As far as children are concerned, the negative outcomes of IPV on physical growth and development are well known [8, 27, 28], including a greater frequency of internalizing and externalizing behaviors [29, 30]. Accordingly, in the present study, a higher frequency of abnormal psychological-emotional status at the time of the pediatric ED attendance was displayed by children screened positive for violence exposure compared to the negative group, together with a higher frequency of sleep disturbances. Consistent with the findings by Newman et al. [16] and Randell et al. [15], no statistically significant differences were observed between the groups of children tested positive and negative for witnessed violence, in terms of frequency of chronic baseline conditions and types of diagnosis at discharge. However, psychiatric diagnoses were three times more common in the positive group than in the negative group. The lack of identifying markers of violence in children’s conditions strengthens the need for routine screening for violence exposure, to interrupt the cycle of violence.

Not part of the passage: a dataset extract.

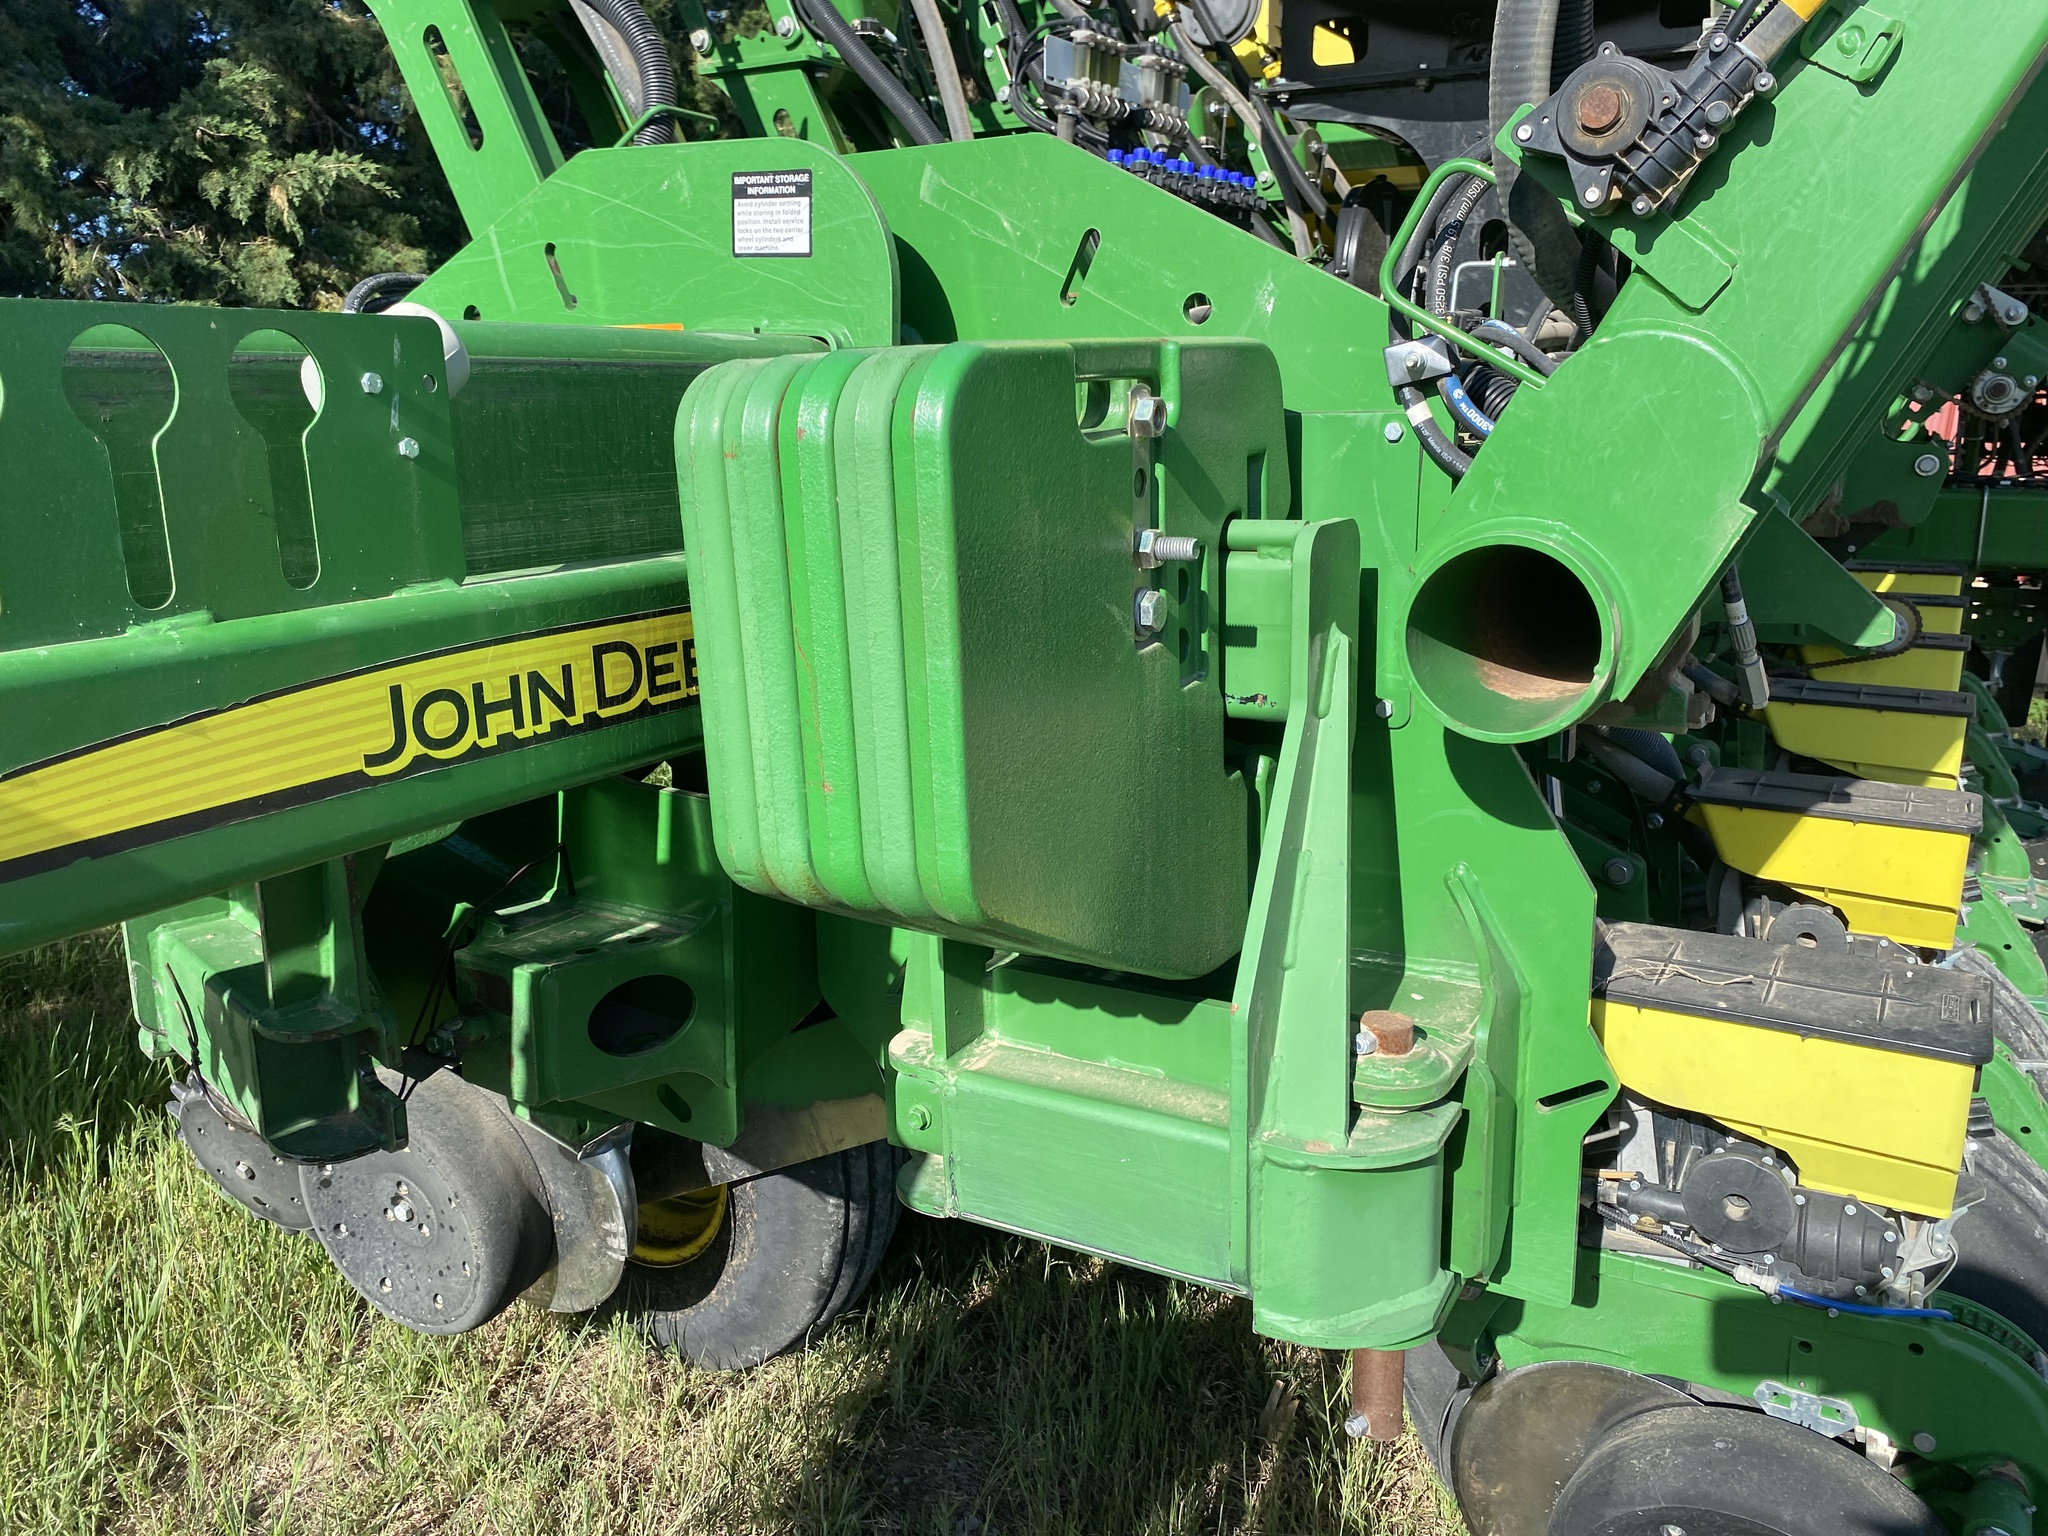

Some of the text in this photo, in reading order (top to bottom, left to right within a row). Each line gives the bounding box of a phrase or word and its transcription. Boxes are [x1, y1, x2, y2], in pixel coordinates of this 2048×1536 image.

This study has several limitations. Enrollment relied on the presence of an enrolling psychologist in the hospital, which was limited to daytime. Due to the anonymous collection of data, we could only rely on mothers’ reports of their symptoms and were therefore unable to assess the frequency of psychological as well as medical disorders in the participating women. For the same reason, we were not able to investigate the presence of baseline psychiatric diagnoses in the children population. Children’s emotional state at the time of discharge from the ED was evaluated by the blind ED physicians on the ground of their experience, and no validated tool was used. Similarly, while the medical condition and/or undergone procedures may have interfered with the child’s emotional expressions, this was not formally addressed through a dedicated tool, but simply endorsed by the ED physician when evaluating the child’s emotional state. Another limit is that the nurses’ opinion and evaluation of the child’s emotional state was not considered. Moreover, children exposure to witnessed violence was inferred from IPV, and we did not directly assess it from children able to be interviewed. The points of strength included its prospective design, the unique dedicated enrolling psychologist with experience in the field of IPV, the high rate of mothers’ participation in the study, the use of a standardized validated questionnaire, and the time gap with the only two similar previous studies (dated back to 1999 [16] and 2005 [15]).

Conclusion

This study shows that IPV is common in a population of mothers seeking care for their children in a pediatric ED. The high rate of participation in the study confirms that validated screening tools like the WAST are useful and well accepted by women. The lack of differences in terms of demographical characteristics of the participating women, as well as baseline and acute diagnoses in their children, supports the need for a widespread screening application and awareness by healthcare professionals.